I thank the Deputy for his question. The first point to note is that the 1 October adjustments to pay in the public service form part of the broader ongoing process of unwinding FEMPI reductions which was negotiated with public service trade unions and delivered through successive collective agreements, from the Lansdowne Road agreement to the current public service stability agreement.
The remuneration of Members of the Oireachtas, including Ministers and other officeholders, has been examined a number of times by the former review body on higher remuneration in the public sector. In its 38th report in September 2000, it recommended that the rate of salary for a Deputy should be linked to the grade of principal officer in the Civil Service. The recommendation, which was accepted by Government at the time, was based on independent and expert consideration of the level of responsibilities and the commensurate level of pay. Accordingly, the pay of Dáil Deputies has been linked for 20 years to the prevailing pay of principal officers in the Civil Service, including through the significant pay cuts of the FEMPI legislation and now through the pay restoration measures involved in the phased unwinding of that legislation agreed with public service unions and set out in public service agreements. This process of unwinding FEMPI reductions, including the forthcoming pay increase on 1 October, is also provided for in legislation enacted by the Oireachtas under the FEMPI Act 2015 and the Public Service Pay and Pensions Act 2017.
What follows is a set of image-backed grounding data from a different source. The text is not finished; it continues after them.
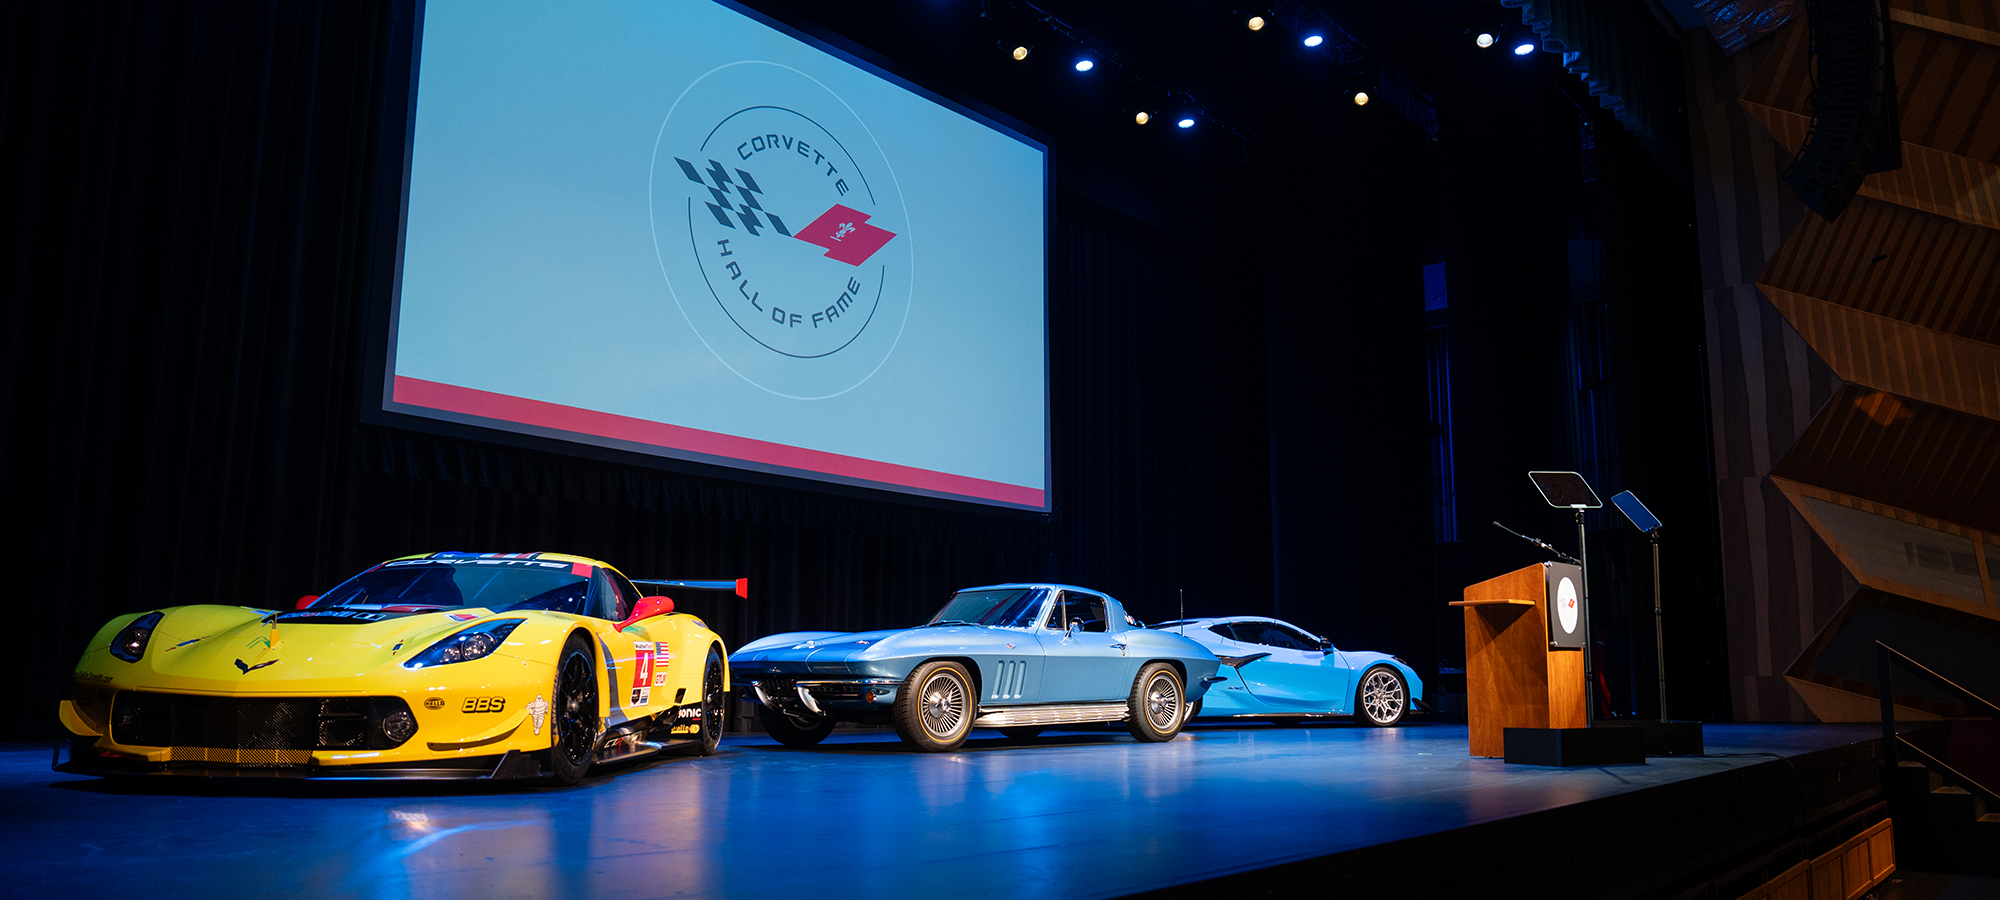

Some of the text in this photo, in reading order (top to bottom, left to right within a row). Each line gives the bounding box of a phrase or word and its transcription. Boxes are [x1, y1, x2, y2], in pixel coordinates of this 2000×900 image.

[737, 134, 849, 196] CORVETTE
[717, 239, 860, 328] HALL OF FAME
[385, 559, 569, 569] CORVETTE
[640, 652, 648, 686] 4
[462, 696, 506, 713] BBS
[552, 669, 560, 724] MICHELIN
As the Deputy is aware it remains open to all Members of the Oireachtas to forego pay increases on a voluntary basis and I understand that many have been doing so. For its part, the Government has already decided that Ministers and Ministers of State, in addition to taking a 10% pay cut, will also forgo the 2% pay increase when it becomes due in October. This decision was taken in light of the Covid-19 emergency and the challenging economic and fiscal situation the country faces.